Nick Herbert (Arundel and South Downs) (Con): I am so pleased that my hon. Friend will not give in and that she is determined to press this matter. May I tell her about one of my constituents, whose son’s story is a testament to why this measure is needed? I refer to Mrs. Christine Gilliam’s son, Luke, who was not diagnosed with Asperger’s syndrome until he was 10—a late diagnosis. Mrs. Gilliam had to fight for her son’s statement of special educational needs, as so many parents have to do. He had to be accommodated in a mainstream school and was constantly bullied. There was a lack of support for his transition to adulthood and he ended up in Feltham young offenders institute. Mrs Gilliam wrote to me saying:

Is that not why the Bill is so necessary?

Mrs. Gillan: I entirely agree with my hon. Friend. That is another example that must be familiar to many of us as constituency Members.

I hope that I have been generous in giving way to as many Members possible; that I have been able to give the House the flavour of the Bill, which is all that can be done on Second Reading; and that if the Minister chooses to speak, he will reiterate the promises that he has made outside the House so that we can, in this instance, have our cake and eat it. He has said that he will deliver without the Bill, but our ability to discuss it in detail today can only add to the body of knowledge in his Department and the Department for Children, Schools and Families.

I am delighted that so many Members have responded so positively. Again, that is nothing to do with me. It is a tribute to the organisations that have worked so tirelessly, and to the many colleagues who have worked tirelessly in the House. I also thank the staff in my office. A private Member’s Bill means an awful lot of strain and extra work for staff who are already overburdened with e-mails, letters and constituency work, and my staff are to be commended for the way in which they have stepped up to the plate.

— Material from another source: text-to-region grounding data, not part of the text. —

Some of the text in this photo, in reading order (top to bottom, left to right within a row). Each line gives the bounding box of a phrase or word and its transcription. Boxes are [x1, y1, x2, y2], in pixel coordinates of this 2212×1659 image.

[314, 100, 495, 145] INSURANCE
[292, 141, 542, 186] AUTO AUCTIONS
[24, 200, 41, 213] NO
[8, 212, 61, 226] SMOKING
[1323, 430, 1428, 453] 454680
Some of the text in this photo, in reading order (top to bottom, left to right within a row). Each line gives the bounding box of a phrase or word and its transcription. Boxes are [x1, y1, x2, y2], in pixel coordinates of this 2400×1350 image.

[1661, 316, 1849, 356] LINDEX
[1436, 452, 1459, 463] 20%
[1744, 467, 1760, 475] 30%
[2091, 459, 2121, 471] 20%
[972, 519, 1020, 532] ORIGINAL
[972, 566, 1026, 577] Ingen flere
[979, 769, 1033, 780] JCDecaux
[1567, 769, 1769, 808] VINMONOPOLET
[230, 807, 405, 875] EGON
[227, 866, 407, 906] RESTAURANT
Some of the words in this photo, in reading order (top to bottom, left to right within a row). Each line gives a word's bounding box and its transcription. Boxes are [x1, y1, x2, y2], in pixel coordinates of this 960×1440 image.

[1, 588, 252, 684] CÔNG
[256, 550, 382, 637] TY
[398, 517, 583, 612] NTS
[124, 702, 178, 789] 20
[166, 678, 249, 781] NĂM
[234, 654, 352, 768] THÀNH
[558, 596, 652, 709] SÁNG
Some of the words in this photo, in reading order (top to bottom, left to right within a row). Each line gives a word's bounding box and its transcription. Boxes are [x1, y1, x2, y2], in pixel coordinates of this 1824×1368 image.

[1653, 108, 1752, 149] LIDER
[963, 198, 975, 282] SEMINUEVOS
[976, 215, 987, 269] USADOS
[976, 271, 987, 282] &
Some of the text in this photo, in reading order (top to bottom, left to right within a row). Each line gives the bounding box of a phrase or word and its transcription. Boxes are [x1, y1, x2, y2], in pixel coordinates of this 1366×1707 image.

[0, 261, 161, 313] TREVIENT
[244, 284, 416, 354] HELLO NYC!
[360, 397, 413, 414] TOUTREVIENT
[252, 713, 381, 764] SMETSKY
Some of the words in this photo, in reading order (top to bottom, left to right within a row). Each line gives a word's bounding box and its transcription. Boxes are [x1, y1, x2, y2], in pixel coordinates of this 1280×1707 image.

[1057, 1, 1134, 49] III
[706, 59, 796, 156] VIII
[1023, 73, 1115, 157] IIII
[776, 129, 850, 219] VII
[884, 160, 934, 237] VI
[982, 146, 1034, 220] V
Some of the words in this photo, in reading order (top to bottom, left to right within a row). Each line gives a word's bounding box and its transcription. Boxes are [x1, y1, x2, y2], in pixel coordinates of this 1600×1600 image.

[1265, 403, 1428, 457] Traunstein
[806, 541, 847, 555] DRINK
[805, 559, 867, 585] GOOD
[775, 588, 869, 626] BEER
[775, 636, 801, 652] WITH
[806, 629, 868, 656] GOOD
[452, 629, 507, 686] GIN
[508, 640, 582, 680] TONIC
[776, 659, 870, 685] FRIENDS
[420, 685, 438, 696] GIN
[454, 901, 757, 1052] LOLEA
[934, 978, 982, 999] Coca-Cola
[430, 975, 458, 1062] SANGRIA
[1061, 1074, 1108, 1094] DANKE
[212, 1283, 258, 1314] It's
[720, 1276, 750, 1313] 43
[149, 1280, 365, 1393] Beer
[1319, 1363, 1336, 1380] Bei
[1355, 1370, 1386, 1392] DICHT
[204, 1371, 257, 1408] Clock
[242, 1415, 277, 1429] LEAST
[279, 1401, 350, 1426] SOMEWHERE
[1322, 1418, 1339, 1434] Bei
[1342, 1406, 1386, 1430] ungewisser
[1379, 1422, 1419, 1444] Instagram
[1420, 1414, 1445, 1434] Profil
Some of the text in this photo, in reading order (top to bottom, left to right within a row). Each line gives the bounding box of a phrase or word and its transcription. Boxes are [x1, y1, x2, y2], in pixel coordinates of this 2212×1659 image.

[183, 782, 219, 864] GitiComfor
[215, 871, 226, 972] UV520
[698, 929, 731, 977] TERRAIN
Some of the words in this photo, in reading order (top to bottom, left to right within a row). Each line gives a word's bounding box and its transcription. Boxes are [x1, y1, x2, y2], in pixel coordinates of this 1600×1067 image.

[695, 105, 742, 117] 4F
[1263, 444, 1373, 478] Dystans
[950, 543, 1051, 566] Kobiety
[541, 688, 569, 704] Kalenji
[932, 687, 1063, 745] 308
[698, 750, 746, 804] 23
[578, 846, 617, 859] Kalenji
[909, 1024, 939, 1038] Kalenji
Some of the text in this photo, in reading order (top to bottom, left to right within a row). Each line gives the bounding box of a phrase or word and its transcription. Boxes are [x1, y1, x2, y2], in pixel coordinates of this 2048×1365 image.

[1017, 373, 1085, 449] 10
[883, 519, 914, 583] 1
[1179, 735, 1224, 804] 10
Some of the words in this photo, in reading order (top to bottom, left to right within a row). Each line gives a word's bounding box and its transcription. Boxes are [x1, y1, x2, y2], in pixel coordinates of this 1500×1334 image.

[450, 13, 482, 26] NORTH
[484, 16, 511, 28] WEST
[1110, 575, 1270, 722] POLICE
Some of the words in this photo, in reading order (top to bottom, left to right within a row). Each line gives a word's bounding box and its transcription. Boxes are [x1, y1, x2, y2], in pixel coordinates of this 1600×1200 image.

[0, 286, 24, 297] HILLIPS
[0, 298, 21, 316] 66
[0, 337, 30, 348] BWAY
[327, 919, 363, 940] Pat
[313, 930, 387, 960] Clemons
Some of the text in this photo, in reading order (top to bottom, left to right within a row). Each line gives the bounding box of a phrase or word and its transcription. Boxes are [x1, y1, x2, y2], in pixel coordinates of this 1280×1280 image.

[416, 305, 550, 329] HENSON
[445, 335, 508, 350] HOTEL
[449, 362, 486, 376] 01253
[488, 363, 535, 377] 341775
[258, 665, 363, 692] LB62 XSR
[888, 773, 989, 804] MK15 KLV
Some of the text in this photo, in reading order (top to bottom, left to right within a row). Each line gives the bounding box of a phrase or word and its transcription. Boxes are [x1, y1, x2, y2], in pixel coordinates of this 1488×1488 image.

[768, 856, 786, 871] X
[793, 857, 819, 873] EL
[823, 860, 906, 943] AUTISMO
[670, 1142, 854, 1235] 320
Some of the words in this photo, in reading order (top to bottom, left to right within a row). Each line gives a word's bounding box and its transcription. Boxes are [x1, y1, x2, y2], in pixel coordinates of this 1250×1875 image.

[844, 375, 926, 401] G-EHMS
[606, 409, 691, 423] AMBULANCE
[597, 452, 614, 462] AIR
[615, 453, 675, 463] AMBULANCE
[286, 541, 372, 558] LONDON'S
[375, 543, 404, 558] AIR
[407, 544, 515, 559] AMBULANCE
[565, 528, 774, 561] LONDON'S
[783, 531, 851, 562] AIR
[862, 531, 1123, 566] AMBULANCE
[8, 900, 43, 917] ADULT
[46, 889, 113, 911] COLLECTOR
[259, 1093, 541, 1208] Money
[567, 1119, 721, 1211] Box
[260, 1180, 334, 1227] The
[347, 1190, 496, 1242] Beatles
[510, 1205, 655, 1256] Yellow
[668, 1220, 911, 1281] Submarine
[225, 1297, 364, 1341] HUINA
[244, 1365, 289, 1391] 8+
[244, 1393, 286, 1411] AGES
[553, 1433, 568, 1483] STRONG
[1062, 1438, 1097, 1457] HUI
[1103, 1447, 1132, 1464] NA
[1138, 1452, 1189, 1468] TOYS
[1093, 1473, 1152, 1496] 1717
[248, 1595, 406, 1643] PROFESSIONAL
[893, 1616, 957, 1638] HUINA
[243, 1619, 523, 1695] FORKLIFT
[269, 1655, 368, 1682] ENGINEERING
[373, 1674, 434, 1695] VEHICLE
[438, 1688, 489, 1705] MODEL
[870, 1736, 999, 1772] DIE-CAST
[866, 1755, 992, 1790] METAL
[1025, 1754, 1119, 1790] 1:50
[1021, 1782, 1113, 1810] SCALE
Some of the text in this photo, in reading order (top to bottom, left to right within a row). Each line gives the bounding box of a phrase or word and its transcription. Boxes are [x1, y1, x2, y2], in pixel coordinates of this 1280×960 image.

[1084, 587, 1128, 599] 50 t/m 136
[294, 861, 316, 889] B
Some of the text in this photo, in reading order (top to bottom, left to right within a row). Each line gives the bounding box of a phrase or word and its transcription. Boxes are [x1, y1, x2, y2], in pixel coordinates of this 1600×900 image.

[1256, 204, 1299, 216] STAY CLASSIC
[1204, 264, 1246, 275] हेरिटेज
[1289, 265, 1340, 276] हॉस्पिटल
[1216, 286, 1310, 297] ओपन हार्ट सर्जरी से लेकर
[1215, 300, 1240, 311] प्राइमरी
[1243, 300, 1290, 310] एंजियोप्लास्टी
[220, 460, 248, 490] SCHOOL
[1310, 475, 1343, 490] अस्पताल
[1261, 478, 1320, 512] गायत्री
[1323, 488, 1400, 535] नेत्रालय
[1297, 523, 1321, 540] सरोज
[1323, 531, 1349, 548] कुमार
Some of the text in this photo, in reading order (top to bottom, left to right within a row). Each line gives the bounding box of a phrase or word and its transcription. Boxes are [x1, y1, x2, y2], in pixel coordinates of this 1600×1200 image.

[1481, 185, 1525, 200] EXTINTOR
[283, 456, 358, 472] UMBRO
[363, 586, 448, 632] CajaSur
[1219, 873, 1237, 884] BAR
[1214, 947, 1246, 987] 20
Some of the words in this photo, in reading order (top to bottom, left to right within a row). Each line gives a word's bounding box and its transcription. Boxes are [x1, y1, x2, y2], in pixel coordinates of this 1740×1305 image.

I hope that the Minister will reaffirm his promises on the Floor of the House, and that he will give the Bill a fair wind into Committee. I also hope that the whole House will be able to put something on to the statute book that will improve the lives of many, many people throughout our country.

10.32 am

Mrs. Janet Dean (Burton) (Lab): I am delighted to be able to speak on Second Reading of this Bill, and I congratulate the hon. Member for Chesham and Amersham (Mrs. Gillan) on being drawn first in the ballot. As chair of the all-party parliamentary group on autism, I also thank the hon. Lady for choosing the subject, and for all her efforts over the past few weeks.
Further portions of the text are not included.